═══ Data supplied
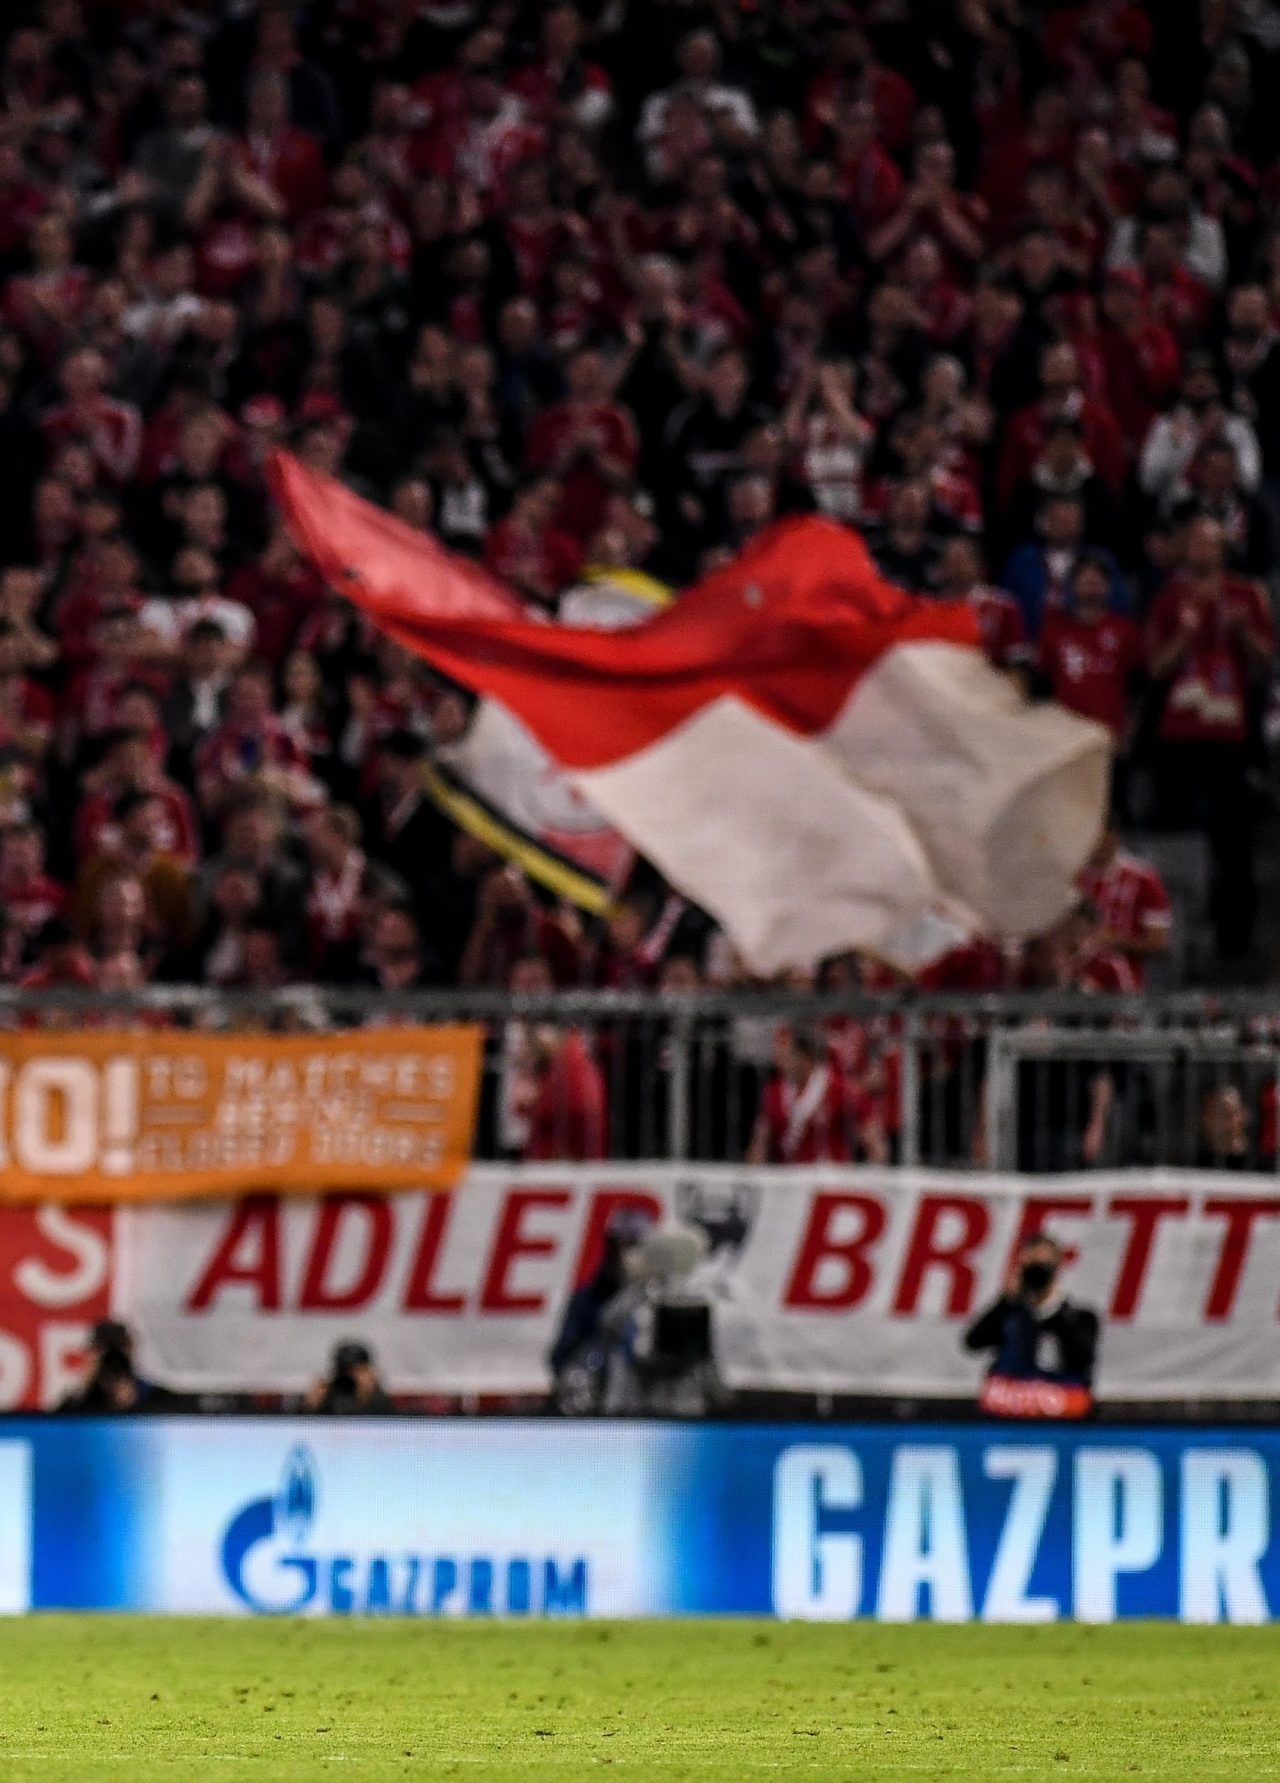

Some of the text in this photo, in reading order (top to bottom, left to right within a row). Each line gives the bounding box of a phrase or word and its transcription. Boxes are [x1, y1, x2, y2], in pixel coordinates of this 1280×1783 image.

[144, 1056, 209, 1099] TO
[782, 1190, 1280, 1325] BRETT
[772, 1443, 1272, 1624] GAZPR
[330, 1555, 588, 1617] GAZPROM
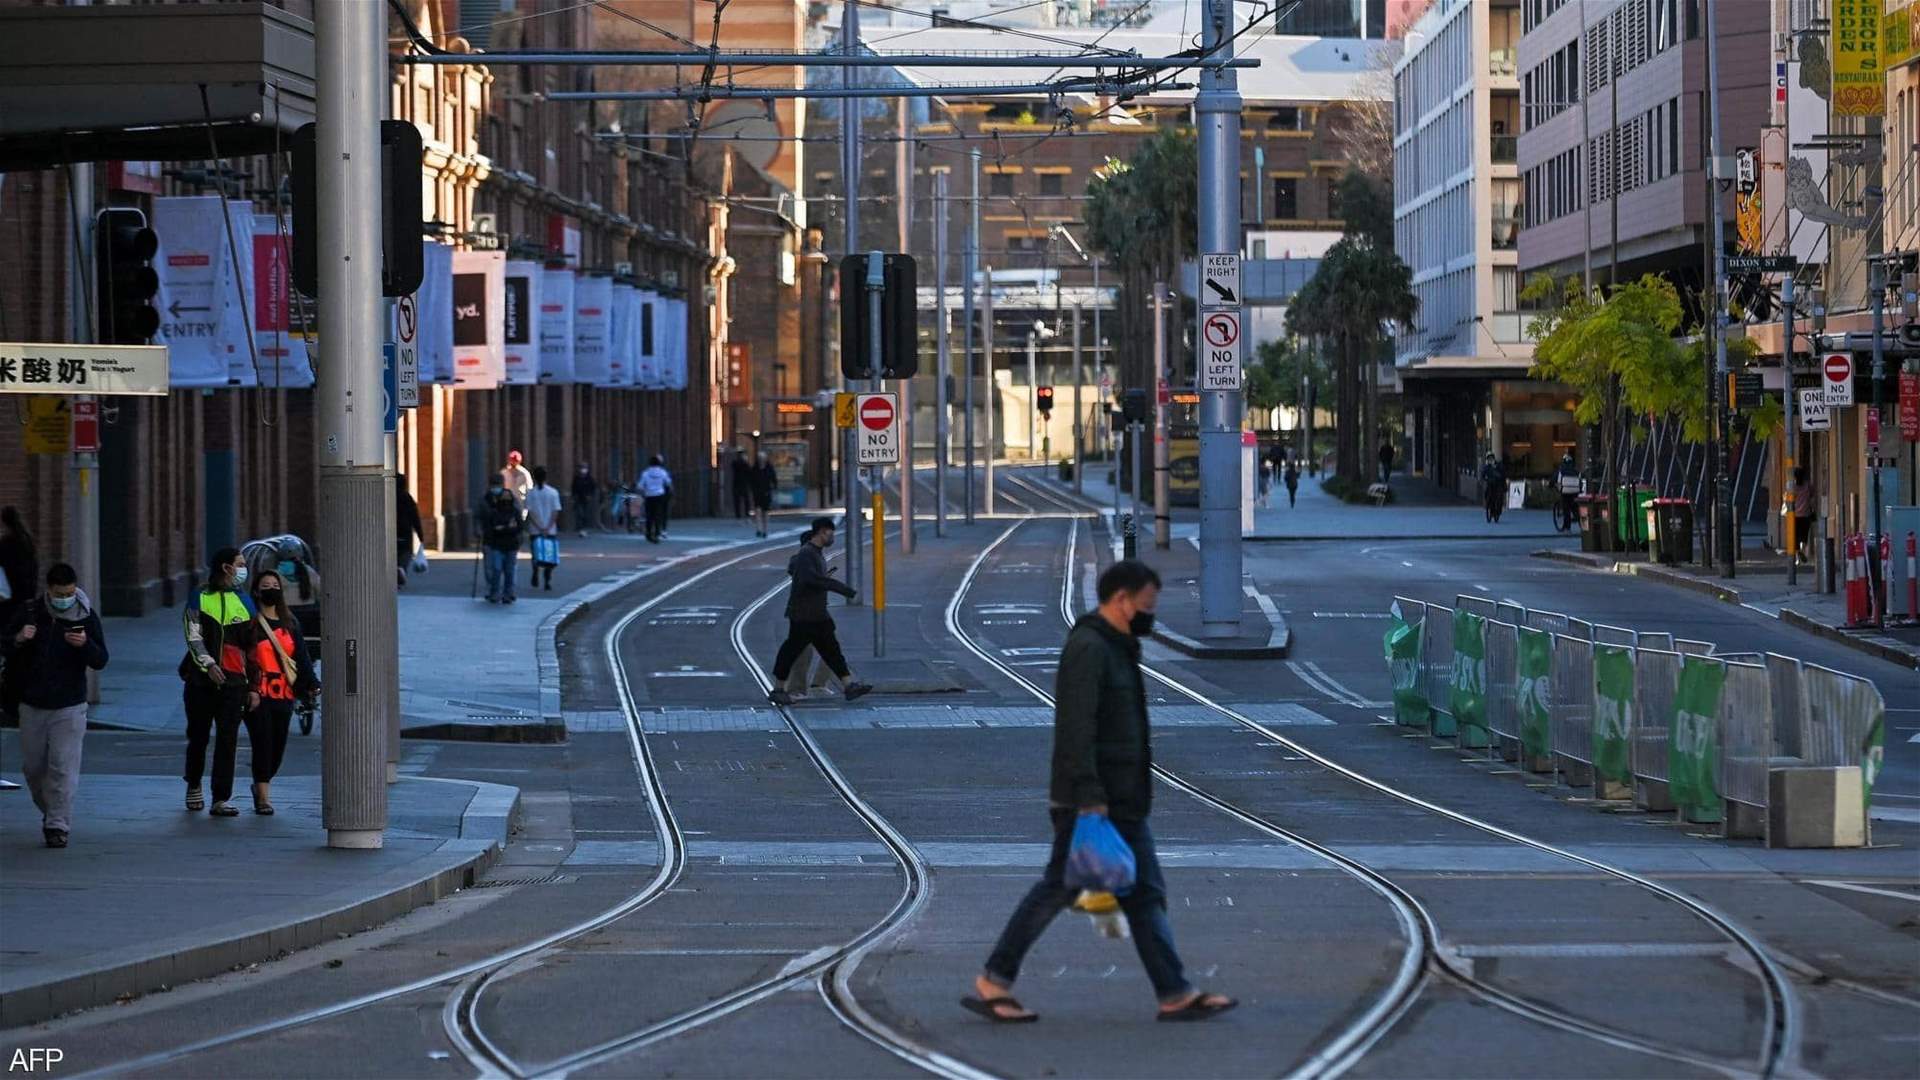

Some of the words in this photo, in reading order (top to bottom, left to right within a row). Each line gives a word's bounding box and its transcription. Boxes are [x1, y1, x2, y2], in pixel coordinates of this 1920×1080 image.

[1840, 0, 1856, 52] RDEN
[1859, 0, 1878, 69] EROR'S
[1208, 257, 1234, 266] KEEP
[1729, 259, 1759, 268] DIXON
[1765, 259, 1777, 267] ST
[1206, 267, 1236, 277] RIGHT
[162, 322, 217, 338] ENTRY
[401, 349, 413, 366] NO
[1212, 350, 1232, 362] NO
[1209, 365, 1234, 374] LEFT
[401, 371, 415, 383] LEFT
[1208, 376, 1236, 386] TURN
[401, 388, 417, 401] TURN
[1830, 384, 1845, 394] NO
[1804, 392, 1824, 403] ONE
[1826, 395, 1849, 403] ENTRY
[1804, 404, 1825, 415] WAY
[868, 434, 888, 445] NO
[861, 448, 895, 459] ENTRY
══════
What is required: The answer must repeat every record exactly, with all pictures left out.

Output of the exercise:
Some of the text in this photo, in reading order (top to bottom, left to right within a row). Each line gives the bounding box of a phrase or word and its transcription. Boxes are [x1, y1, x2, y2], in pixel coordinates of this 1280×1783 image.

[144, 1056, 209, 1099] TO
[782, 1190, 1280, 1325] BRETT
[772, 1443, 1272, 1624] GAZPR
[330, 1555, 588, 1617] GAZPROM

Some of the words in this photo, in reading order (top to bottom, left to right within a row). Each line gives a word's bounding box and its transcription. Boxes are [x1, y1, x2, y2], in pixel coordinates of this 1920×1080 image.

[1840, 0, 1856, 52] RDEN
[1859, 0, 1878, 69] EROR'S
[1208, 257, 1234, 266] KEEP
[1729, 259, 1759, 268] DIXON
[1765, 259, 1777, 267] ST
[1206, 267, 1236, 277] RIGHT
[162, 322, 217, 338] ENTRY
[401, 349, 413, 366] NO
[1212, 350, 1232, 362] NO
[1209, 365, 1234, 374] LEFT
[401, 371, 415, 383] LEFT
[1208, 376, 1236, 386] TURN
[401, 388, 417, 401] TURN
[1830, 384, 1845, 394] NO
[1804, 392, 1824, 403] ONE
[1826, 395, 1849, 403] ENTRY
[1804, 404, 1825, 415] WAY
[868, 434, 888, 445] NO
[861, 448, 895, 459] ENTRY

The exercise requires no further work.